Reflections of Kenya



Now that I’ve had the time to unwind from my Kenya experience with CMMB, I am reflecting on what I’ve taken to heart from the trip.

I’ve written about the pathos and the passion of the experience through what I observed in the slums, but underneath the perceived sadness and poverty there is the awareness that there is another side of this visual despair.

It is the side that laughs, smiles, dances, and is joyful for the gifts of help, medicine, equipment and the medical care and compassion from strangers.

In my posts, I did not intend to leave out the positives and the joy of what I experienced in my visit to Kenya and its unsavory places. In all putrid places there is purity. In all slums there is solemnity. In all ignorance there is intelligence.

I don’t know what makes some people give and other’s take. I don’t know what triggers a professional person to give up a lucrative medical practice and volunteer to come to a remote region of the world and be of service to those in need. I don’t know what makes a clergy or a religious choose to minister care without reward to the sick, the poor, and to the infirm. I don’t know how any of them do it; it is not me. I could not do it with the joy that I observed in those that do.

CMMB has attracted a plethora of partners and giving souls to distribute the largess of generous donors in America. There are many in CMMB from the President and CEO to the country directors and the daily caregivers who labor without accolades or ribbons.

The people of the slums work hard too; they must do so to survive. They also smile, laugh and love. It is human nature to find joy in misery, to find humor in despair and to laugh at life. The difference from there to here is that they have to look for it, we don’t.

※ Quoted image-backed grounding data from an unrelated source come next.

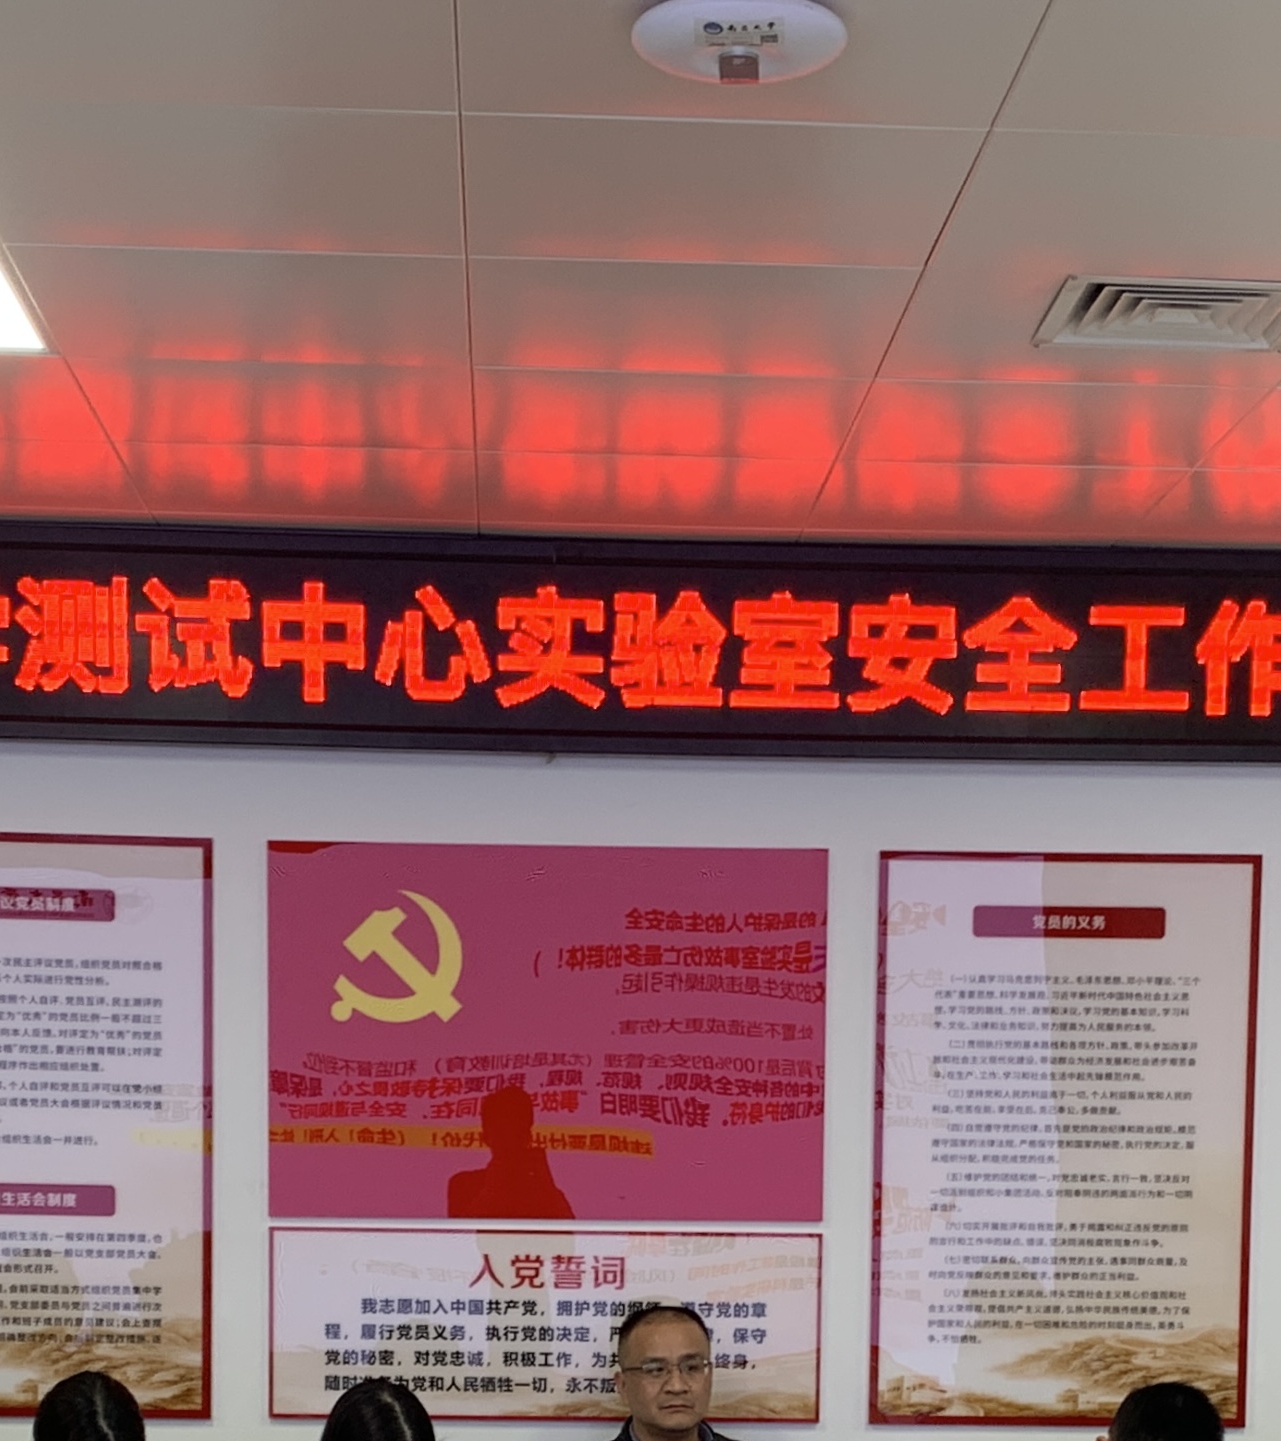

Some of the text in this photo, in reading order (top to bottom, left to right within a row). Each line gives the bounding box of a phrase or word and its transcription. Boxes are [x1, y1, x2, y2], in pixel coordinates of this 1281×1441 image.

[1032, 915, 1105, 931] 党员的义务
[469, 1254, 626, 1290] 入党誓词
[361, 1298, 767, 1318] 我志愿加入中国共产党，拥护党的纲守党的章
[325, 1324, 766, 1344] 程，履行党员义务，执行党的决定，严，保守
[325, 1349, 757, 1370] 党的秘密，对党忠诚，积极工作，为共终身，
[325, 1374, 617, 1393] 随时为党和人民牺牲一切，永不叛

I bring back a new appreciation of simple things: clean and running water, electricity, grocery stores, sewers, paved streets, and available medical care. I will never again take these gifts for granted.

2 comments:

LAS said...

As I was growing up my mother always said, "something good always comes out of something bad" unless we dwell on the bad. Another thing I always heard is "when one door closes another one opens" and the most important one, "God only gives us what we He knows we can handle"...

LAS said...

Yesterday's daily quote on my little flip calendar that I read each day...."Let's resolve to be angels of joy and missionaries of mirth wherever we go today --- and every day!!!